Designed in Mission Revival style by Redding-based Nichols, Melburg & Rossetto (NMR) Architects and Engineers, the civic center fits into the town’s rustic image with archways, colonnades, plazas, a domed tower and a large, symbolic fountain.
“We took some of the best of Southern Californian architecture and reinterpreted it in a contemporary way,” says Mike Lusso, principal architect with NMR, who has been working on the project since 2004.
The five-acre project consists of three main components: a 100,000-sq-ft, three-story city administration building built by Temecula-based Edge Development; a four-level, 480-space parking structure with an 8,600-sq-ft store front built by PCL Construction Services of San Diego; and a half-acre town square plaza built by Anaheim-based LH Engineering Co.
Lusso says the public plaza is envisioned to be an outdoor gathering place for citizens and visitors to Temecula’s Old Town.
Located at the newly re-shaped intersection of Main Street and Mercedes Street in the heart of Old Town, the area features a large lawn area (the “Civic Green”), shade trees, benches and reading areas, European-style pavers, and a dramatic, round flowing fountain.
Designed by local artist Christopher Pardell, the 20-ft-diameter fountain evokes the cultural history of the greater Temecula area, including specific references to Native American culture, while also providing the cooling imagery of cascading water.
“The fountain represents a Native American woven basket,” says McBride.
Weighing 20 tons and holding about 1,000 gallons of water, the 18-in.-deep fountain features terrazzo tiles in the center, which are made to resemble acorns, the main food source of the Native Americans.
The architectural highlight of the $31-million civic center building is an 85-ft-tall dome clock tower. Framed by authentic, two-piece Spanish tile above and a large arched doorway below the tower peers over Old Town and is visible throughout the city.
The development may be big, but it does not overwhelm the town, says Lusso. “The city wanted a recognizable project to help reinforce its unique identification,” he says. “But because it is much larger than surrounding Old Town buildings, we tried to break down the scale of the civic center and parking structure into a series of more discrete components so it didn’t read as one huge monolithic block of a building,”
The project is located halfway between San Diego and Los Angeles, on a relatively constrained site. It is closely surrounded on all four sides by a street in front, the parking structure on the right side, houses on the left, and the busy I-15 Freeway about 20 yds behind.
“The building backs right up against the freeway, with semi-trucks going by at 70 mi an hour, so you can imagine the noise levels we had to deal with inside the building,” says Lusso.
To overcome the noise issue, Lusso says the project team worked with Los Angeles-based acoustical consultant Brown Newsom Acoustics to install special high-performance glass and window frames.
Another challenge associated with the freeway involved a 36-in.-diameter storm drain that runs underneath the highway and right through the parking structure and civic center. McBride says the pipe, which was too big to move, made it difficult to put the project’s massive footings in place. He says at one point they actually incorporated the drain into the foundation of the structure itself.
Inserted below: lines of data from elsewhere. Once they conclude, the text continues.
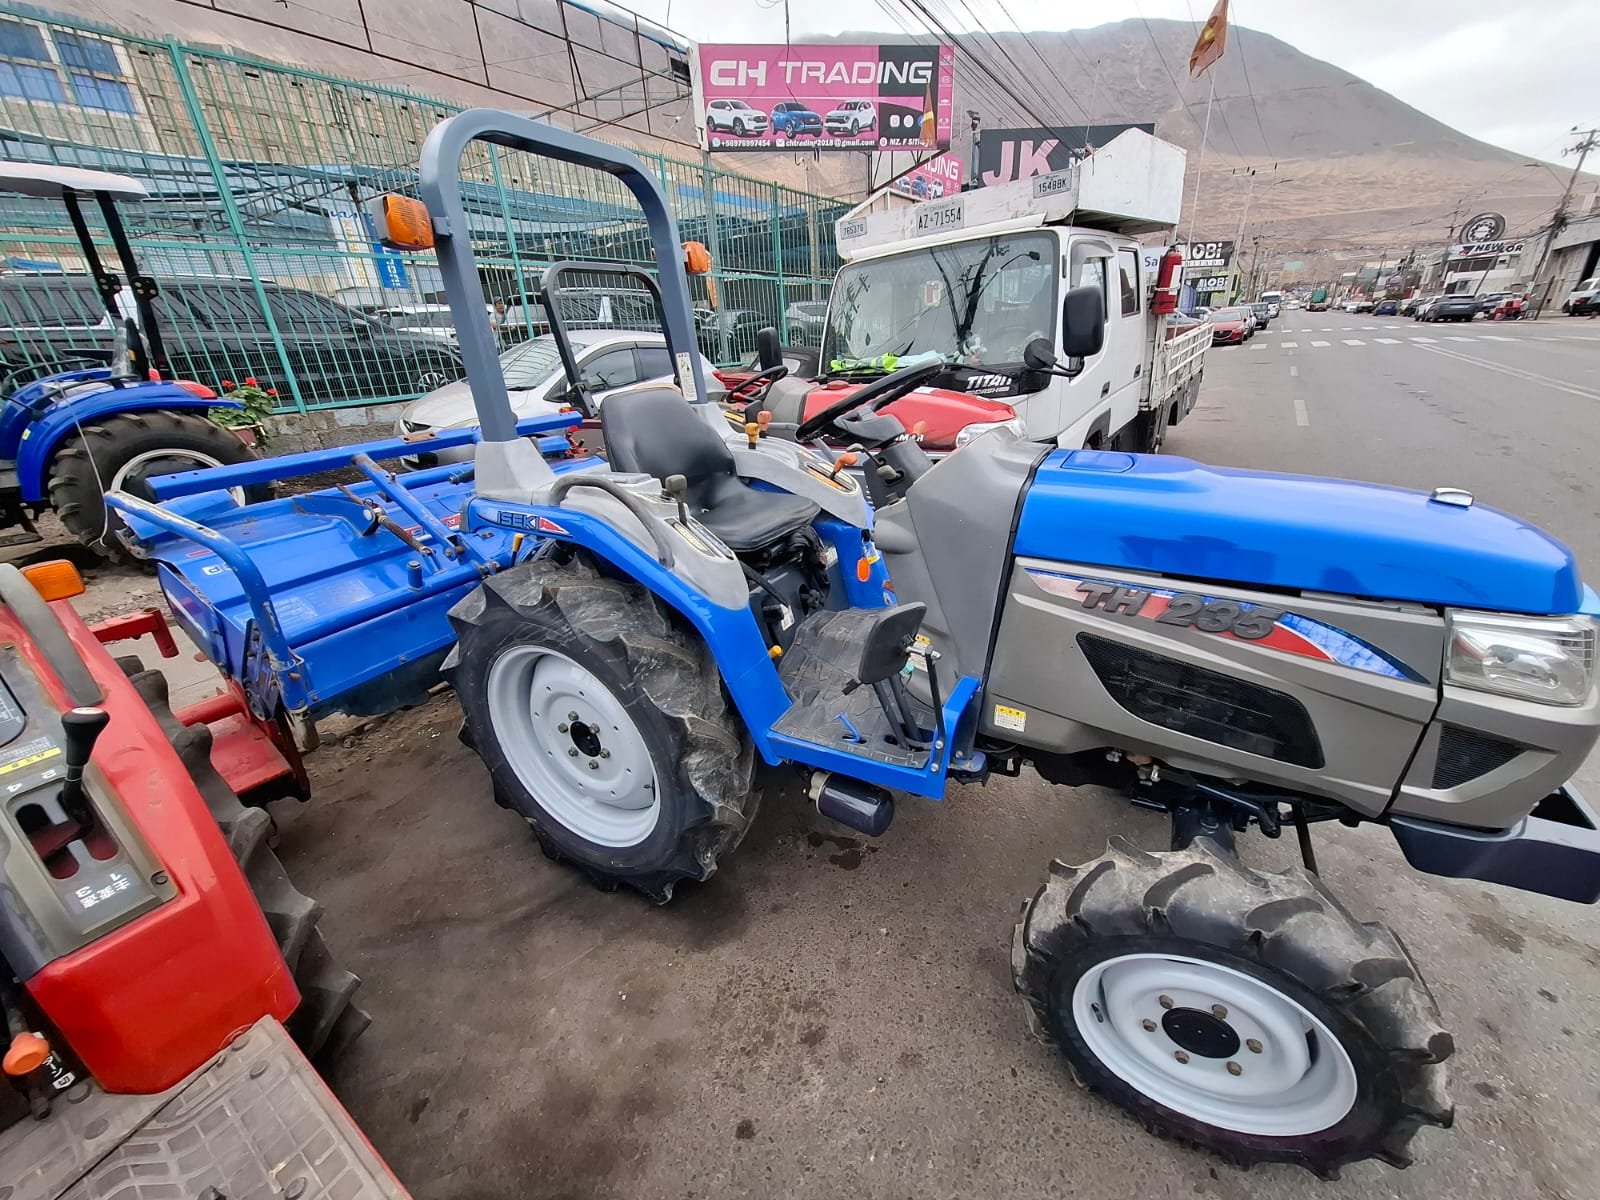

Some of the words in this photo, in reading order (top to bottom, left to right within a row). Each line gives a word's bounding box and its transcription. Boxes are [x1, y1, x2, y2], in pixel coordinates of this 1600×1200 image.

[710, 60, 767, 87] CH
[778, 60, 933, 85] TRADING
[982, 139, 1059, 187] JK
[496, 510, 540, 530] ISEKI
[1075, 580, 1151, 617] TH
[1154, 593, 1286, 640] 235
Besides desert tans on the exterior, red tiled roofs and crystal blue fountain water, the project will be very green. In fact, it is on target for LEED silver while shooting for gold, says McBride.
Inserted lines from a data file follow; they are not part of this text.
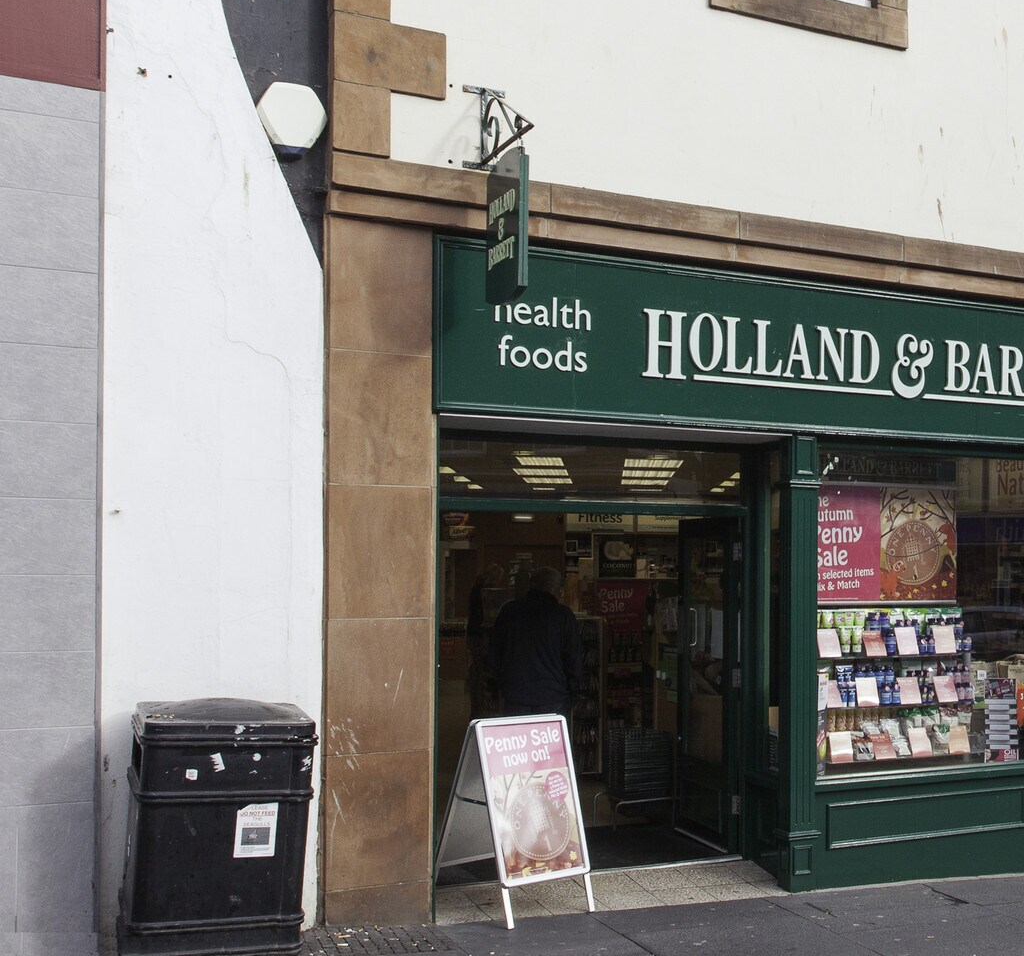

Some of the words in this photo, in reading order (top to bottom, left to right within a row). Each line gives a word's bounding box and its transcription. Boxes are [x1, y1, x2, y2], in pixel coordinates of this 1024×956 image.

[488, 188, 516, 225] HOLLAND
[487, 235, 515, 271] BARRETT
[498, 335, 588, 372] foods
[641, 307, 880, 385] HOLLAND
[890, 333, 934, 399] &
[817, 509, 853, 522] utumn
[822, 568, 853, 580] selected
[854, 567, 874, 578] items
[837, 579, 860, 590] Match
[599, 587, 634, 600] Penny
[601, 600, 625, 613] Sale
[484, 734, 527, 754] Penny
[530, 726, 560, 746] Sale
[502, 751, 528, 768] now
[531, 745, 551, 762] on!
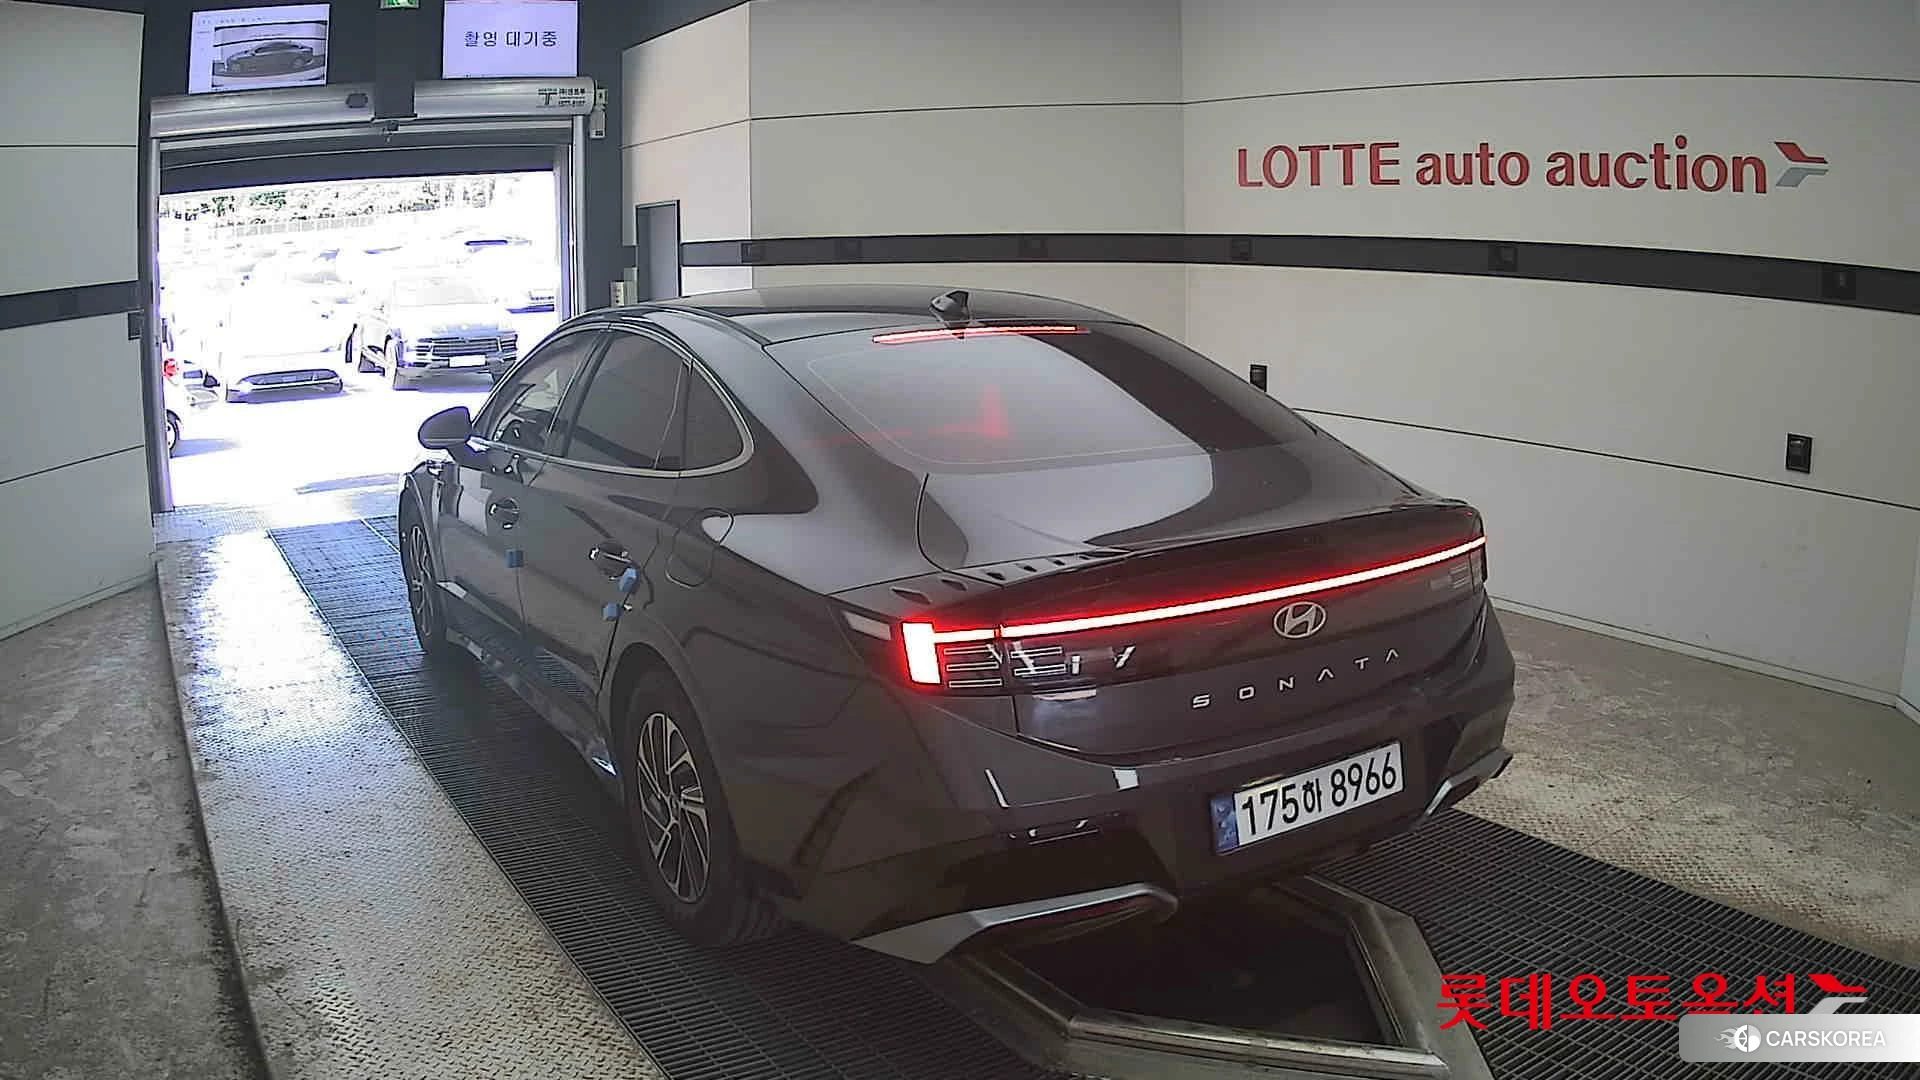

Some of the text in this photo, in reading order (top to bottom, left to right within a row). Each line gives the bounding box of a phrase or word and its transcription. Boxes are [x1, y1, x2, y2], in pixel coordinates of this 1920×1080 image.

To accomplish this, the project will utilize a host of sustainable features such as the use of local materials, low-flow water fixtures, daylighting and an independent consultant on board to supervise the implementation of the various LEED points.
The center will also use an advanced IDEC (Indirect Direct Evaporative Cooling) HVAC system, which pumps in 100% outside air to improve inside breathing quality, as well as a photovoltaic solar array on the roof of parking structure.
The 5,000-sq-ft solar panel system generates 89,000 kWh. McBride says that, excluding the store front, the solar panels provide 90% of the power used by the parking structure.
The Civic Center, which broke ground in April of last year, will be completed in December. The 180,000-sq-ft parking garage opened in March.